Após o dia 13 de Novembro 2015, a noite da tragédia do Bataclan que fechou com 130 mortos e 413 feridos, pensei nas famílias que perderam os seus entes queridos. Para além da dor e do luto, para além do horror, disse a mim mesmo: «um pai como poderá explicar ao filho que a sua irmã ou o seu irmão morreu, indo a um concerto? Como enfrentar o tema do terrorismo e dos que o praticam, os terroristas? Como escolher as palavras adequadas e dizer a verdade?

Reflectindo sobre o assunto, concluí que o terrorismo não é um fenómeno novo. Existiu desde sempre e foi utilizado como arma de chantagem para difundir o medo e o pânico. Por este motivo, contei a história do terrorismo, a partir da revolução francesa até aos nossos dias.
Os actores e as motivações mudam, mas os métodos são sempre os mesmos, embora actualmente com qualquer coisa de novo: o recurso aos media às redes sociais network que fazem viver os eventos no imediato e em directa.

Às crianças é necessário dizer a verdade. Mentir, escondendo-lhes a realidade dos factos com receio de transtorná-las ou de traumatizá-las é uma escolha errada. Cedo ou tarde, a verdade chegar-lhes-á. Logo, é melhor prepará-las no momento em que as coisas acontecem. Acabou o tempo no qual as crianças eram protegidas, sinónimo de doçura e alegria. Hoje, imagens de todos os tipos invadem o nosso espaço, seja na rua ou em casa, na televisão ou no ecrã do nosso computador. A Internet vem procurar-nos e encontra-nos. As novas tecnologias abalaram a percepção do mundo e confundiram-na com o virtual, acabando por tomar o lugar da realidade.

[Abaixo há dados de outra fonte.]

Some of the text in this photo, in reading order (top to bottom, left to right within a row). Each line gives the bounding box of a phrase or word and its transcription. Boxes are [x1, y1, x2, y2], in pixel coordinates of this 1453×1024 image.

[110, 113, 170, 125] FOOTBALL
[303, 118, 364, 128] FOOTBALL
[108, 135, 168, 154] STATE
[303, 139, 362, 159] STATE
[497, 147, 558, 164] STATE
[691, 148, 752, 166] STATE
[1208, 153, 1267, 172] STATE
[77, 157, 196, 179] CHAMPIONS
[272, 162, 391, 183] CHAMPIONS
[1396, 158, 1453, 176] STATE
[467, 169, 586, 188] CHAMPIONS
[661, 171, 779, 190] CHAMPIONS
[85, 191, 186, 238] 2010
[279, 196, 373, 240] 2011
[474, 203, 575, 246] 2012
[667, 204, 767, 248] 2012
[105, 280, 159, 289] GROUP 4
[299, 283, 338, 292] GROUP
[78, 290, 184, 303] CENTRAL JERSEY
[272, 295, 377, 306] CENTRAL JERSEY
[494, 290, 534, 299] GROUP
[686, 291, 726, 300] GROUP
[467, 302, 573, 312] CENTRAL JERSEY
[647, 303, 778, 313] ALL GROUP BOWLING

Tudo isto os terroristas do Estado Islâmico sabem-no bem e exploram-no com eficácia. As coisas mais difíceis de explicar às crianças, quando se fala de terrorismo, são as motivações destas pessoas. Como fazer compreender a uma criança que o instinto de vida e de conservação se transforma em instinto de morte? Como expor-lhes o famoso «paraíso» que os terroristas apresentam aos jovens que recrutam para a Jihad?

Apercebi-me que era preciso recuar às origens do Islão e reconstruir como algumas pessoas interpretam a palavra de Deus. As crianças, todavia, não podem absorver todas estas informações históricas. É necessário simplificar, tornar claro o que é complexo, ir ao essencial. Dizer-lhes, por exemplo, que as religiões, frequentemente, foram utilizadas pela gente por razões erradas. Pode-se fazer dizer às religiões o que se quer. No livro, a este propósito, dou alguns exemplos para cada uma das três religiões monoteístas. Deve-se evitar que as crianças sobreponham Islão e terrorismo e recordar-lhes um verseto importante do Corão: «Aquele que mata um inocente mata a humanidade inteira».

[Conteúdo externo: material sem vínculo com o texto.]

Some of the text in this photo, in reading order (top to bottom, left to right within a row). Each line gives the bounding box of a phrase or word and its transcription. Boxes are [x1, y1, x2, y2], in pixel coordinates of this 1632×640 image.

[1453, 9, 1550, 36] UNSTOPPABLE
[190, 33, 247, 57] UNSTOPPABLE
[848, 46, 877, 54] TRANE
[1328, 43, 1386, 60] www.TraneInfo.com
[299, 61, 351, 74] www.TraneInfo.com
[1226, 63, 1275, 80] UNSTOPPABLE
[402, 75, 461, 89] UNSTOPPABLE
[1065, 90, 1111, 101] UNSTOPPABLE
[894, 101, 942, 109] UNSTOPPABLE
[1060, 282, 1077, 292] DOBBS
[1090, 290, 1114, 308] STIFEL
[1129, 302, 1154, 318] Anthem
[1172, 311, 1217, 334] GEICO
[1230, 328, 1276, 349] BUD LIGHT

Iniciei a escrever este livro depois de ter explicado o racismo e, num segundo tempo, o Islão. Fiz um trabalho pedagógico preciso, feito de verificações e num estilo que estivesse ao alcance de todos.
Estas experiências levaram-me a centenas de escolas no mundo, onde estes livros foram traduzidos. Apercebi-me que todas as crianças se assemelham, seja qual for o lugar de origem. Mais ou menos, todas formulavam as mesmas perguntas.
Quando sucedeu o ataque a Charlie Hebdo e, depois, à loja Kosher em Vincennes, em 07 de Janeiro 2015, não somente senti horror, mas fiquei mesmo sem palavras. Já não sabia mais que dizer, o que fazer. Perdi dois amigos entre os humoristas de Charlie: Wolinski e Cabu que conhecia de há 35 anos. 
“A perturbação e depois a impotência das famílias precipitaram-me num desencorajamento que me desconcertava. Em seguida, novos ataques, em plena Paris, com muitas dezenas de mortos, alguns dos quais de confissão muçulmana. Compreendi a mensagem: os terroristas queriam atacar o estilo de vida dos franceses. Depois de ter «punido» a liberdade de expressão, quiseram matar os que, num sábado à noite, se divertiam. Foi então que decidi ir escavar na história e na psicologia, a fim de compreender – ou, pelo menos, procurar compreender – as origens deste fenómeno que não tem precedentes, nem no Islão nem na história do mundo árabe.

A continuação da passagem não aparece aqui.